太子默了阵,倒也没有再深究,“小将军下次喝醉酒也要看看场合,今日若是遇到其他人,就算没掉脑袋,板子都是跑不掉的,起来吧,同孤走走。”
颜韶偷偷瞄了眼,暗暗松了口气。
他跟在太子身后,不敢走的太近,看着太子身上的大氅早已湿了大半,足上的靴子也浸了半透,出声提醒着:“殿下不妨早些回去吧,鞋袜估计已经湿透了,再晚些恐怕会染上风寒”
然而太子并不太在意,继续往前走,颜桦只好继续跟着,走了好一段路,直到走出了梅园,朝着另一个更加冷清的方向走去,边说道:“颜小将军也到了婚配的年纪了,刚才一番看着也不像是对男女之事不热衷的人,不知可有看上哪家的小姐。”

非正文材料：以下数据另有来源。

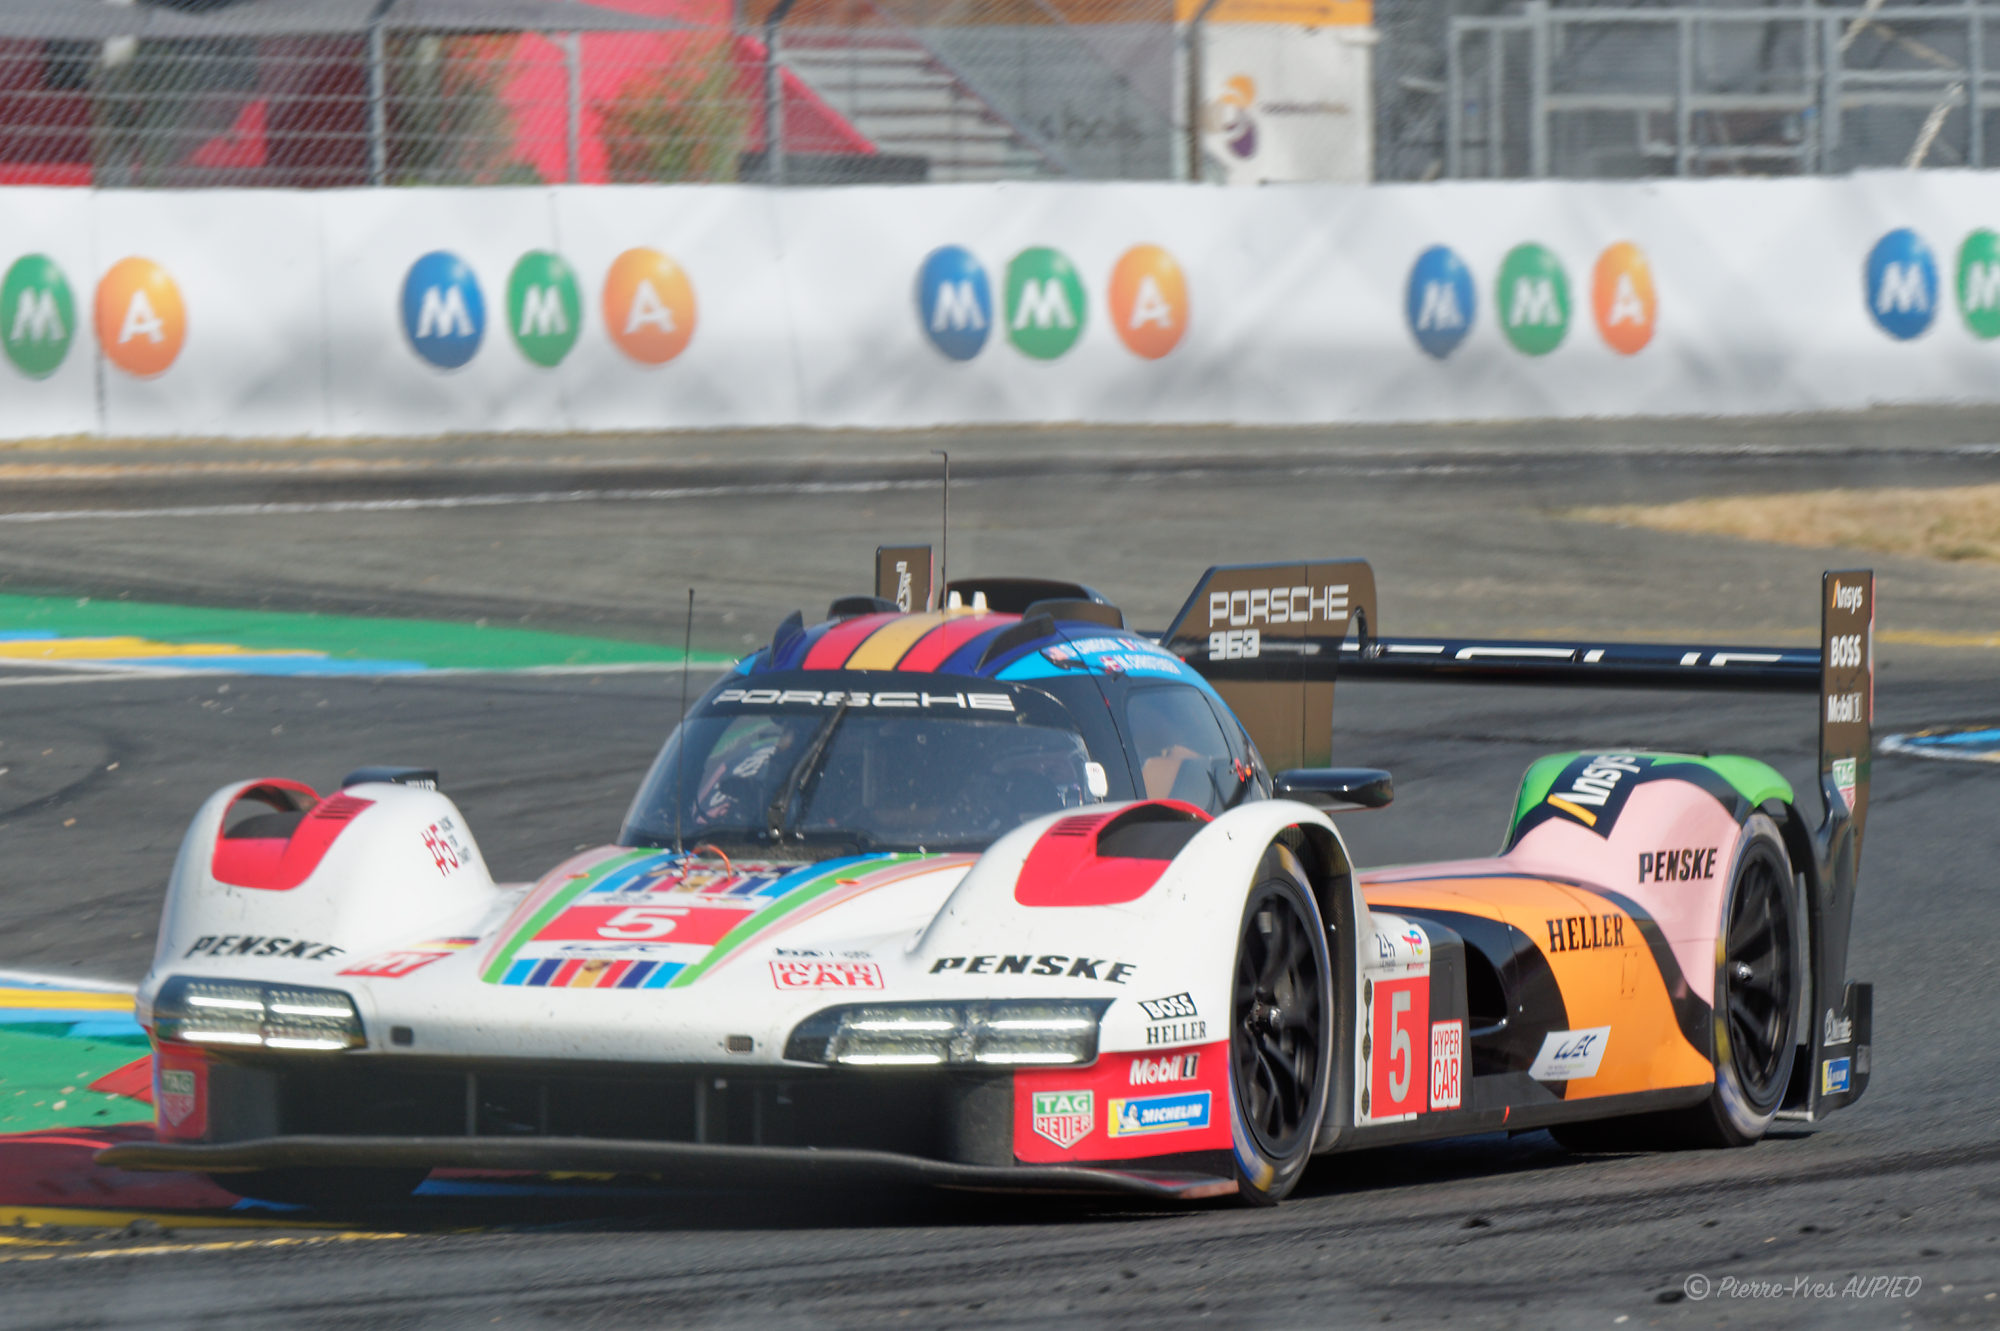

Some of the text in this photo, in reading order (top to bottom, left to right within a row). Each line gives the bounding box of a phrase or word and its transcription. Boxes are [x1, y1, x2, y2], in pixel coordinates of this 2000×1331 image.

[1209, 584, 1349, 628] PORSCHE
[1832, 578, 1863, 614] Ansys
[1209, 628, 1260, 661] 963
[1830, 635, 1862, 667] BOSS
[712, 689, 1016, 712] PORSCHE
[1639, 847, 1718, 884] PENSKE
[597, 907, 690, 939] 5
[1547, 914, 1625, 953] HELLER
[184, 935, 346, 960] PENSKE
[781, 971, 874, 986] CAR
[928, 955, 1137, 985] PENSKE
[1141, 994, 1196, 1019] BOSS
[1146, 1021, 1207, 1045] HELLER
[1389, 989, 1412, 1104] 5
[1433, 1029, 1460, 1057] HYPER
[1129, 1056, 1182, 1086] Mobil
[1432, 1058, 1459, 1101] CAR
[1038, 1095, 1089, 1114] TAG
[1141, 1104, 1203, 1124] MICHELIN
[1037, 1115, 1093, 1143] HEUER

颜桦汗颜,又是这个问题,皇室中人难道就这么喜欢给人做媒么?
若是要娶姑娘,需得称自己心仪才好,他内心幻想着自己会喜欢什么样的美人,嘴上却还是老老实实地回:“父母之命媒妁之言,婚姻之事哪是我们自己能做主的。”
“你倒是明白人。”
颜桦不解,堂堂太子殿下,今日拉着自己谈论婚嫁之事属实奇怪,想来这太子也跟自己差不多年纪,可太子妃牵扯甚多,估摸着他也是为这事烦恼着吧。
这么想着,他抬眸看了看前面的人,只见那半张脸隐在暗处,半张脸被月光照的透亮,眼神晦暗不明,让人猜不透。

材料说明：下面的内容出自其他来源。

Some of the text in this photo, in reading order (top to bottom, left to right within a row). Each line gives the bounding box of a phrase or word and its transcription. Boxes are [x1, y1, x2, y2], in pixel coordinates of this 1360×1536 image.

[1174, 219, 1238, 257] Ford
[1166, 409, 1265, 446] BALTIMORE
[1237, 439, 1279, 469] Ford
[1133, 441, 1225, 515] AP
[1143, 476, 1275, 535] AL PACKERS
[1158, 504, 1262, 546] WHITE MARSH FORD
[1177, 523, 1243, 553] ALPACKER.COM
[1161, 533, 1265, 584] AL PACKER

常年戍守边关、混迹军营的他,性子野得很,心中是无垠的草原,与那被困在四四方方的皇城中的太子截然不同。
萧暮昑苦笑一声,有些羡慕的意味再次抬步往前走,淡淡的模样总给人一种距离感,颜韶看着两人只见明明相隔这么近,却总又觉得远在天边,触摸不到。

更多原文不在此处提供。